Cet article a été publié dans une version condensée dans le n°2 de la revue papier des Ourses à plumes, un collectif et webzine féministe. Merci à elleux de nous avoir accueillies dans leurs pages !

Berlin, 2017. Alors que l’Allemagne s’apprête à renouveler son parlement, les spéculations et les sondages sont braqués sur le parti d’extrême-droite qui monte, Alternative für Deutschland (AfD, «  alternative pour l’Allemagne  »). Fondé quelques années auparavant, le parti s’apprête à faire une entrée fracassante dans la nouvelle assemblée. Jouant sur la peur et la provocation, leurs affiches d’un goût douteux s’étalent dans les villes. À un ventre de femme enceinte (blanche, évidemment) s’adjoint la légende «  De nouveaux allemands  ? Nous les faisons nous-mêmes  !  » – une référence aux réfugiés accueillis par l’Allemagne, ces «  nouveaux allemands  » qui ne sont visiblement pas au goût des populistes de droite. Une autre affiche affirme préférer le Bourgogne à la burqa, montrant des femmes en tenue traditionnelle bavaroise (et très décolletée)  ; la liste est longue et décourageante.

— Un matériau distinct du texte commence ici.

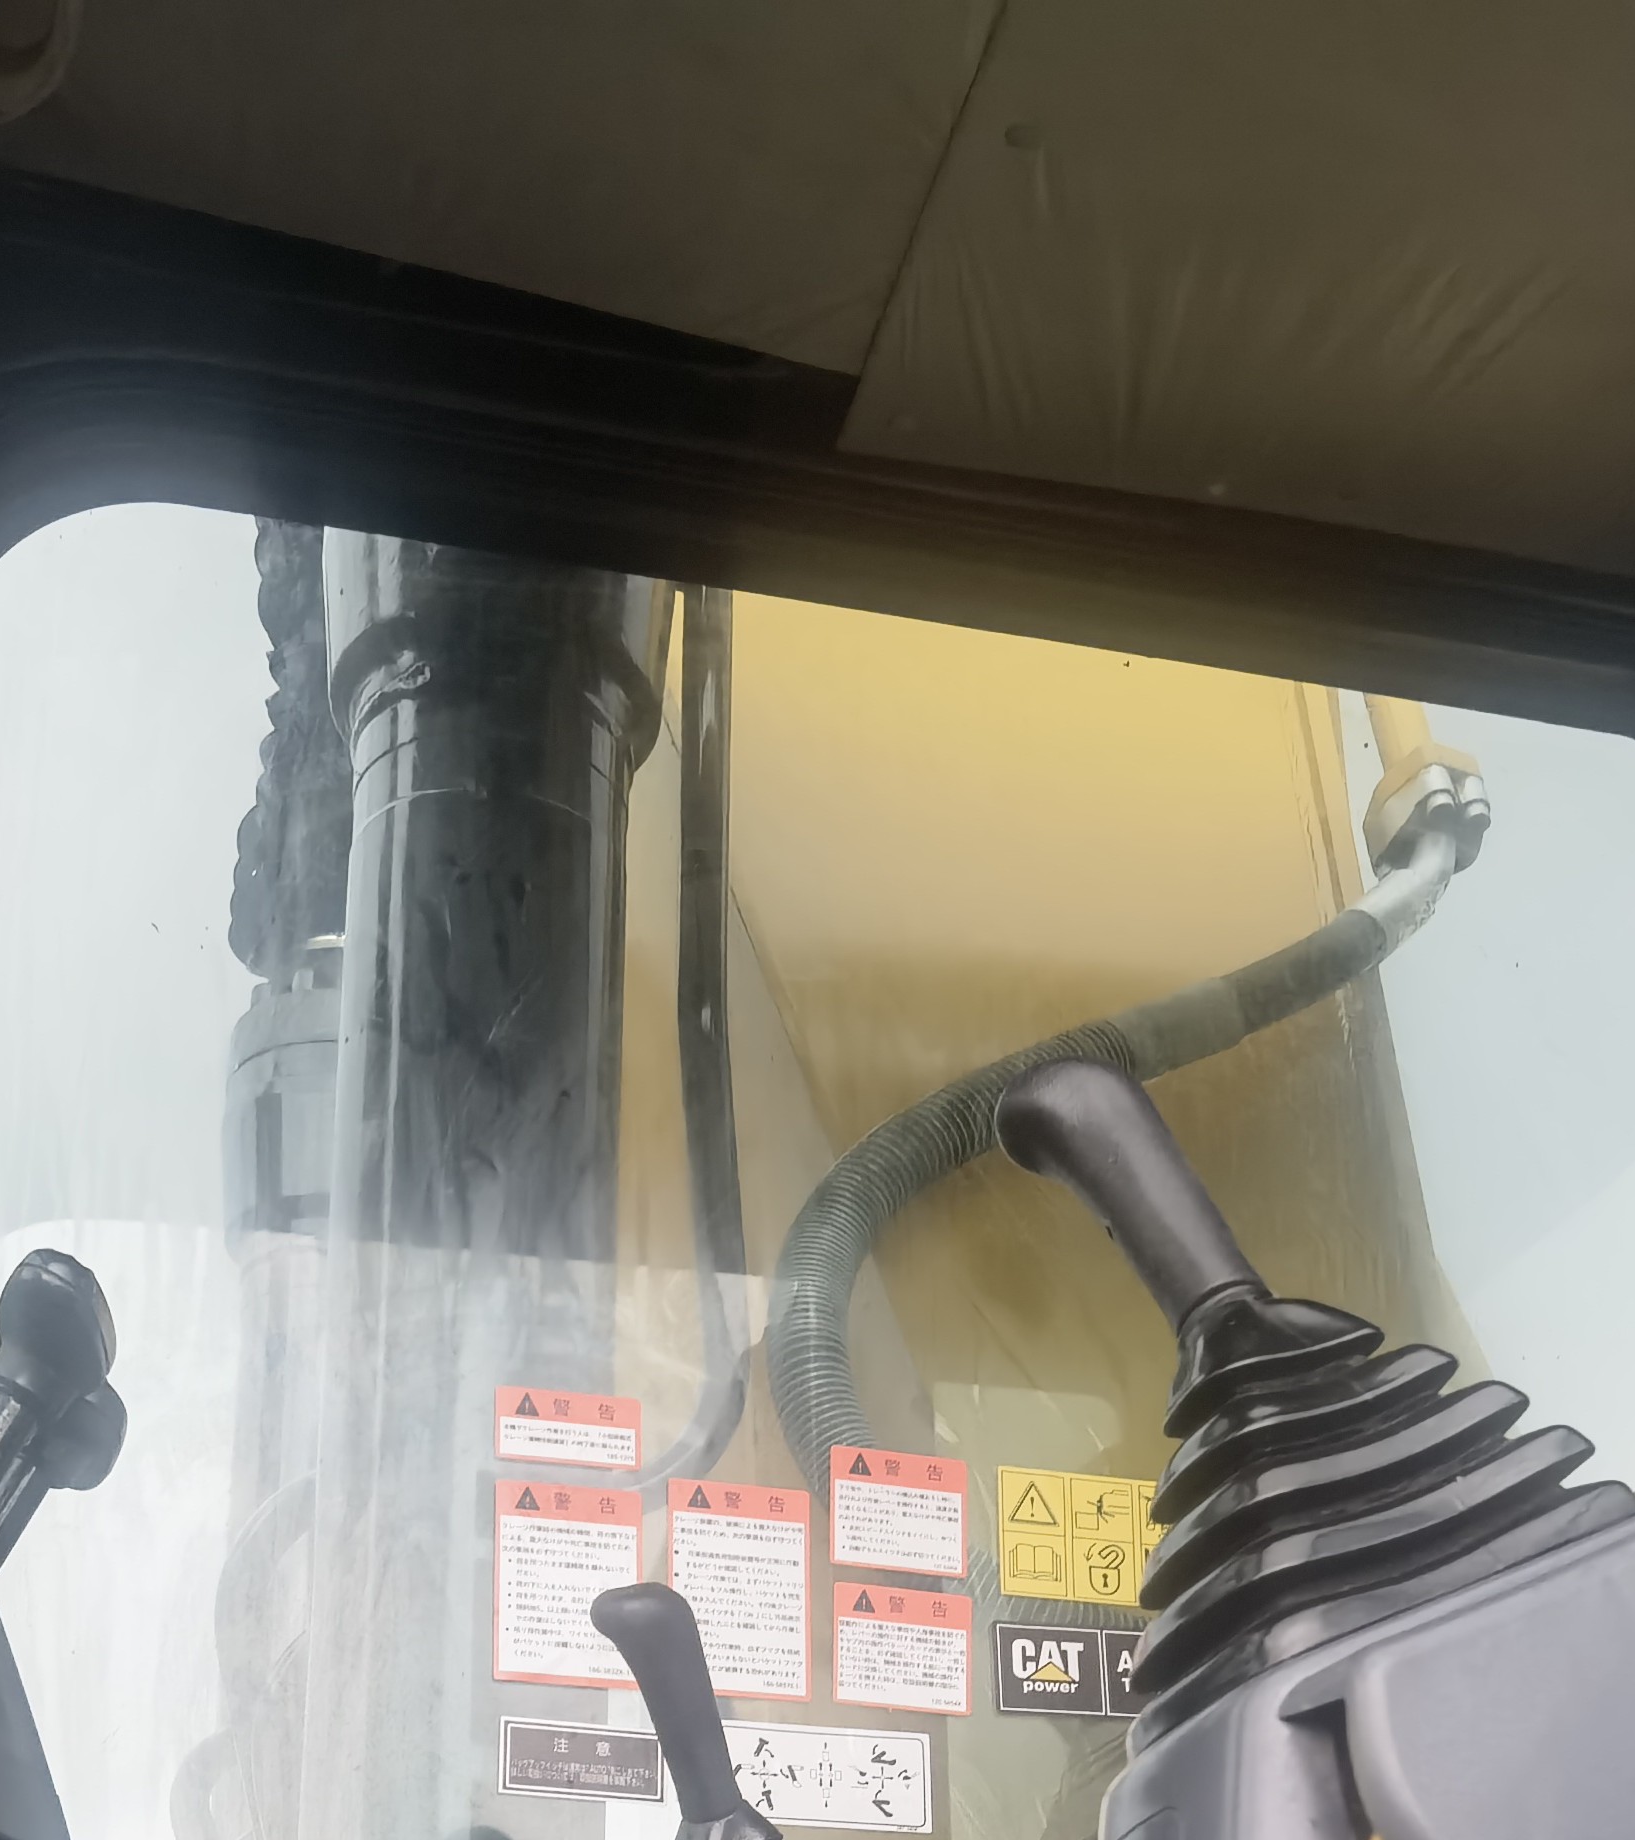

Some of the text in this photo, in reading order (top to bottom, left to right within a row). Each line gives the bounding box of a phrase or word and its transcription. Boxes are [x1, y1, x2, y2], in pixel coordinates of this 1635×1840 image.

[724, 1491, 785, 1513] 警告
[1011, 1638, 1084, 1682] CAT
[1023, 1680, 1079, 1694] power
[553, 1737, 611, 1757] 注意
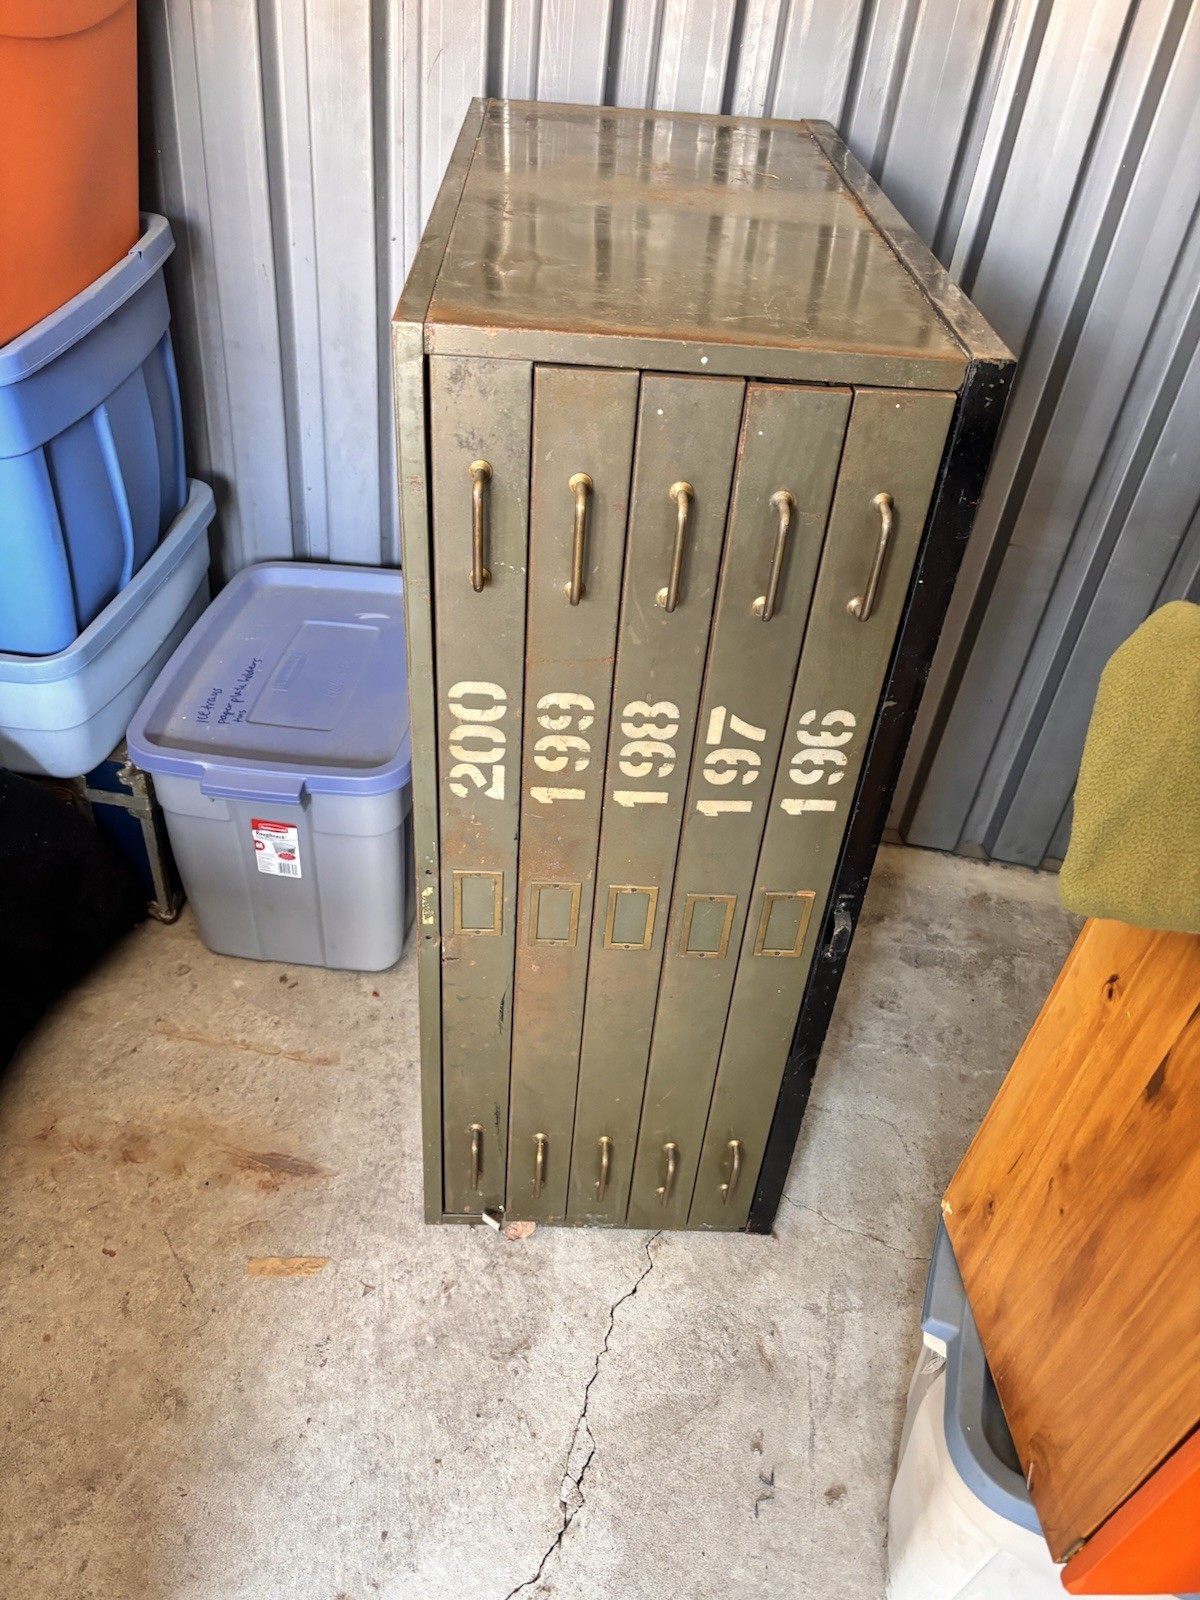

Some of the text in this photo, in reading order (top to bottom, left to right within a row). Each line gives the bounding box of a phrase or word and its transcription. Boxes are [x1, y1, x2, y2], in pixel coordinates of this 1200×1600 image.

Au milieu de ce marasme général émerge une drôle d’initiative  : reprenant les codes visuels des affiches de l’AfD, des images font le tour de la toile germanophones générant autant d’enthousiasme que de hargne – et pour cause, les slogans appelant à la tolérance et au devoir citoyen accompagnent des photos de drag queens en tenue d’apparat. À mi-chemin entre provocation et bienveillance, avertissement et encouragement, l’initiative joue sur les codes et sur les mots – Travestie für Deutschland, c’est son nom, signifie à la fois «  travestis pour l’Allemagne  » et «  parodie pour l’Allemagne  ». Nous avons rencontré Alexander Winter, l’une des personnes à l’origine de ce projet.

Pourrais-tu présenter Travestie für Deutschland en quelques mots – et te présenter toi-même  ?

Travestie für Deutschland (TfD) est un projet politique, une action artistique, un commentaire satirique, une révolte en perruques et un miroir grossissant de la politique contemporaine ; nous sommes des militant·e·s LGBTIQ+. Je ne peux pas et ne souhaite d’ailleurs pas en dire plus sur moi-même, à part que j’ai 34 ans et que je vis à Berlin. Notre devise : le projet est toujours plus important que les représentations individuelles.

Comment est née la TfD ? Quel était l’objectif ?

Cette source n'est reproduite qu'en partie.